Volume 1
Capítulo 4: Amigos
— Como parte da tradição, vamos apresentar aos estudantes a história de nossa instituição! — Viktor dizia com uma voz forte. Seus olhos percorriam a sala, registrando cada rosto, como se estivesse catalogando o potencial de cada um.
— Viemos como um enorme projeto internacional, nascidos de uma ideia de vários países juntos e chegamos aqui em 2019. O objetivo? Ir além do que qualquer outra faculdade e curso, dar oportunidades reais para os estudantes. Graças ao nosso sistema de rank, vocês ganharão mais respeito e reconhecimento e, quando concluírem o ensino médio, já terão um emprego digno das suas capacidades.
A AGF não era apenas um campus qualquer. Eles tentaram reunir o máximo de cursos possíveis, até alguns que são apenas hobbies. Ao invés de tentar fazer essas matérias depois de terminar o ensino médio para ter uma graduação ou nível técnico, agora os alunos poderiam fazer essas aulas junto do seu ensino médio e, quanto melhor eles fossem em cada matéria, maior seria o seu rank, indo do Rank E até o S.
Graças ao rank, no final do ensino médio, qualquer aluno recebia propostas de empregos de empresas que têm interesse em jovens promessas.
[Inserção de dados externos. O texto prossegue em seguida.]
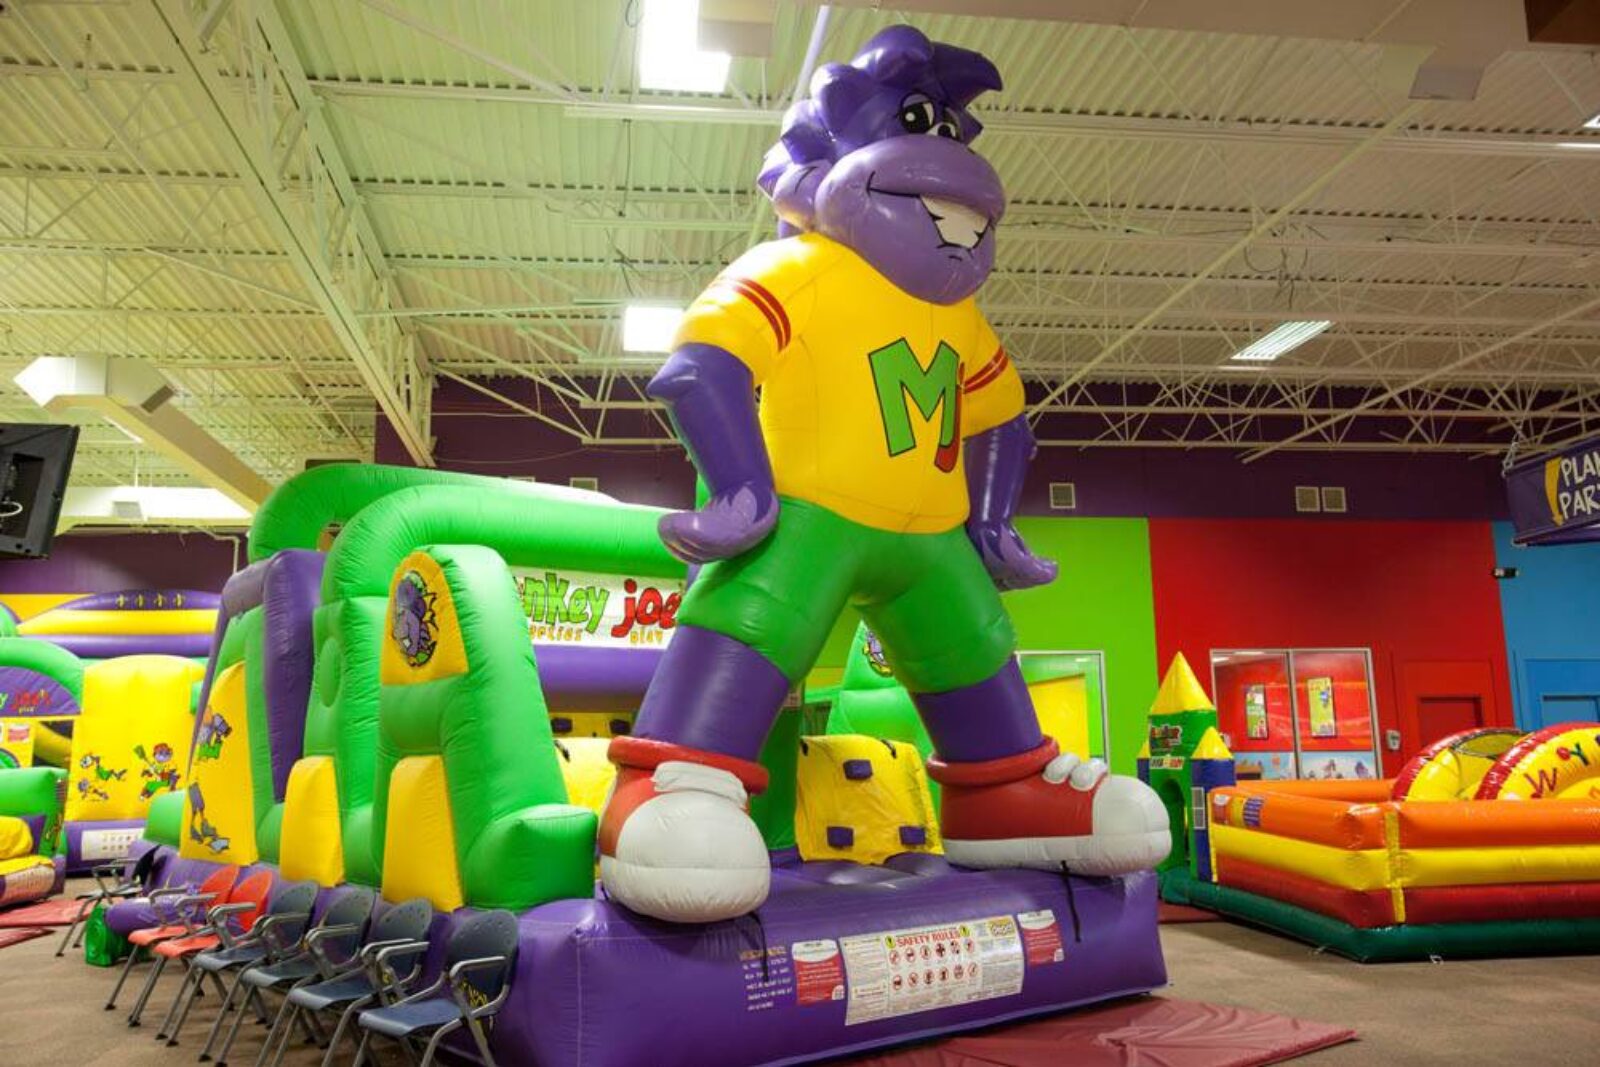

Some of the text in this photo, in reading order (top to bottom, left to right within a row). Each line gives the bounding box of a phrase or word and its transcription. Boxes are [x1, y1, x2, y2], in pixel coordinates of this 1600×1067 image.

[518, 572, 684, 638] nkey joe
[896, 935, 931, 948] SAFETY
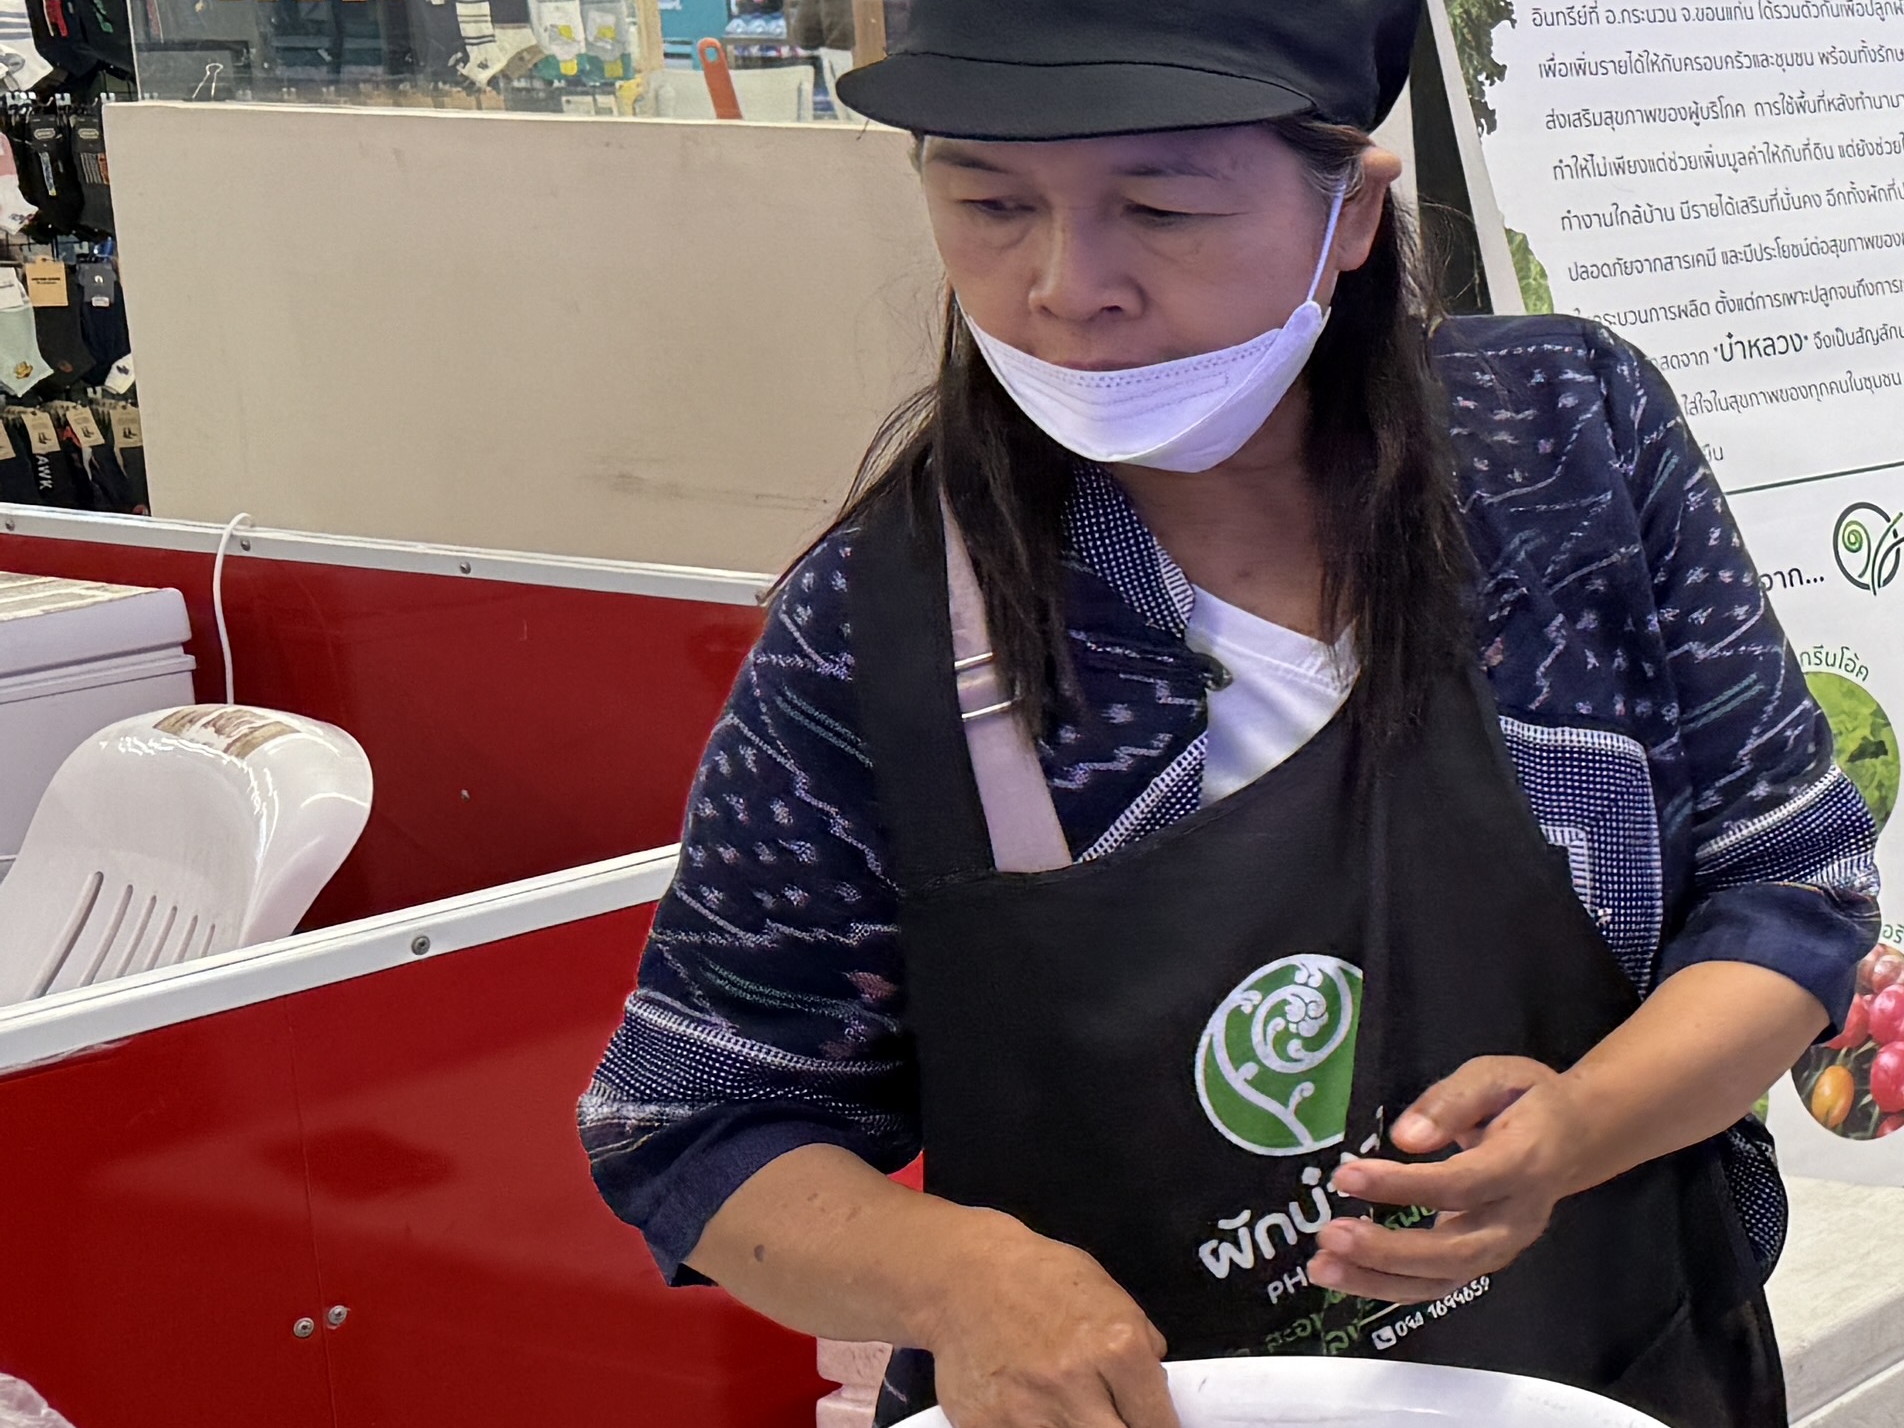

Quanto maior o seu rank, maior a oferta por você. Assim, eles diminuiriam o nível de desemprego e fariam cada aluno ter um trabalho mais adequado a suas capacidades.
— E é por isso que os ranks existem. Agora vocês sabem: tudo o que vocês fazem, tanto aqui quanto do lado de fora, concede pontos. E com maior reconhecimento, maior será o emprego e o salário. Acredito que ninguém aqui esteja feliz se contentando com a mediocridade, né? É uma oportunidade única: vocês não precisam brigar por vagas ou caçar empregos desesperados, ele virá até vocês, claro, se vocês forem dignos desse emprego!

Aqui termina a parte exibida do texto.